Las, sur le plateau des commerciaux, il est impossible de se concentrer. Il y règne un brouhaha incessant. Les téléphones sonnent sans arrêt, certains de ses collègues ATC s’interpellent d’un bout à l’autre de la pièce… Au comptoir, juste derrière la baie vitrée qui sépare le point de vente de l’espace des commerciaux, Jérome Parnodi se fait bruyamment engueuler par un artisan mécontent d’avoir trop attendu… De surcroît, le bureau paysagé ne bénéficie d’aucun traitement acoustique !
Cerise sur le gâteau, Paul Amiette, son voisin de bureau, se met à hurler au téléphone :
- Allo, allo, je ne vous entends plus… Vous désirez que je passe vous voir rapidement ? Qu’est-ce que vous dites ?… Jeudi ? Je n’entends plus rien… Allo, vous êtes encore là ?
Amiette raccroche en exprimant à haute voix sa mauvaise humeur :
- Ah, ces portables… C’est vraiment pénible… Impossible d’avoir une communication sans être coupé !
Puis, comme par miracle, l’espace d’un instant, le silence s’installe… À quelques mètres de Novack, Parnodi se met à fredonner un air à la mode… Définitivement perturbé, Yves Novack se lève pour aller prendre un café. Devant le distributeur, Frédéric Chareton, son chef d’agence, également grand consommateur d’Arabica, s’empresse de lui demander :
- Tu penses avoir fini ta proposition commerciale pour la fin de l’après-midi ?

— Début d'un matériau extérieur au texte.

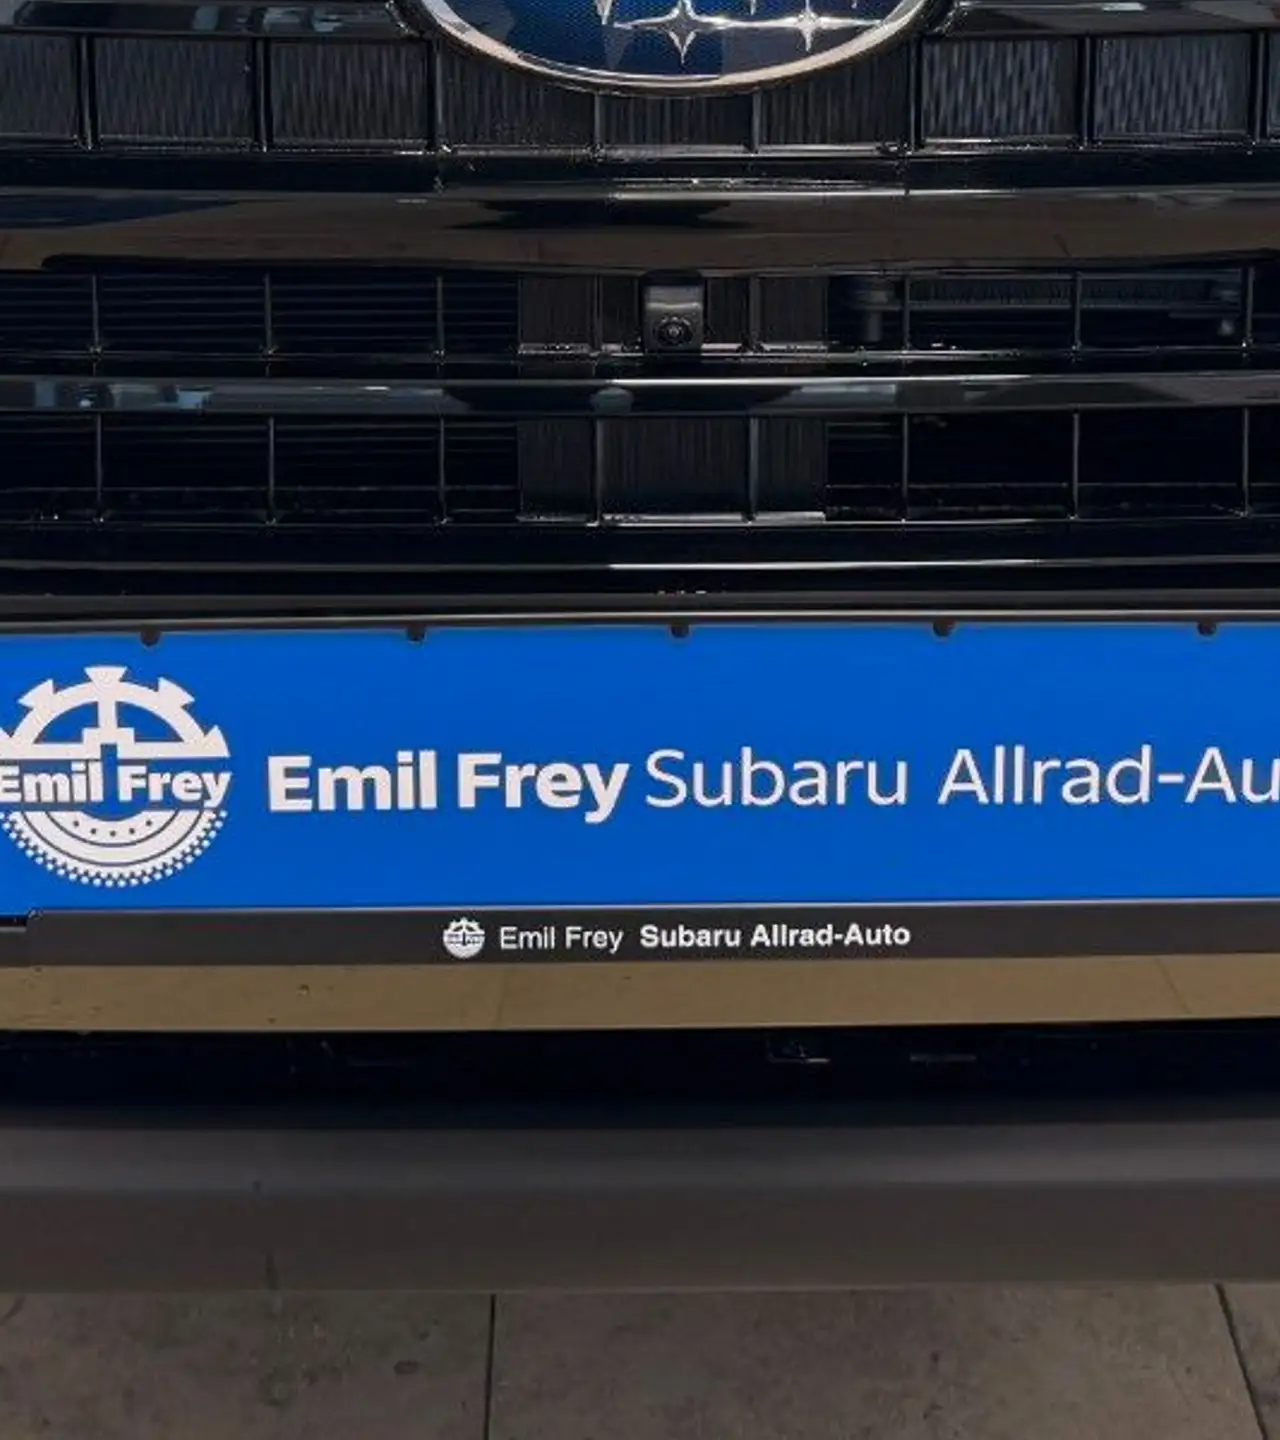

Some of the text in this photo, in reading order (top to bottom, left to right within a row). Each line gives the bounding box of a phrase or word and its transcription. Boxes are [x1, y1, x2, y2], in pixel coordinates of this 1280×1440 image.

Novack a du mal à cacher son agacement:
- Peut-être bien ! Si du moins, tu me prêtes ton bureau, histoire d’être un peu au calme…
- Pas de mauvais esprit, Yves, nous sommes tous logés à la même enseigne. D’ailleurs cela ne changerait pas grand-chose, les cloisons sont si minces que j’entends tout…
Lorsqu’il revient à son bureau, la cacophonie a repris de plus belle. Novack décide d’appeler son épouse, par ailleurs secrétaire de Benoît Marchand, le Pdg des Négociants Réunis :
- Oui… Je vais rentrer un peu plus tard ce soir… Oh ! Ne t’énerve pas, je sais qu’on devait dîner chez ta sœur… Je t’y rejoindrai au plus tôt… Enfin, tu sais que je dois impérativement boucler cette offre de prix… Le bureau des commerciaux est infernal, nous sommes trop nombreux, je suis constamment dérangé, il est excessivement bruyant, et je n’arrive plus à me concentrer… Tu veux que je te dise ? J’aimerais bénéficier d’un bureau pour moi tout seul, et si tu pouvais en toucher un mot au Pdg, je serais plus efficace et moins souvent en retard !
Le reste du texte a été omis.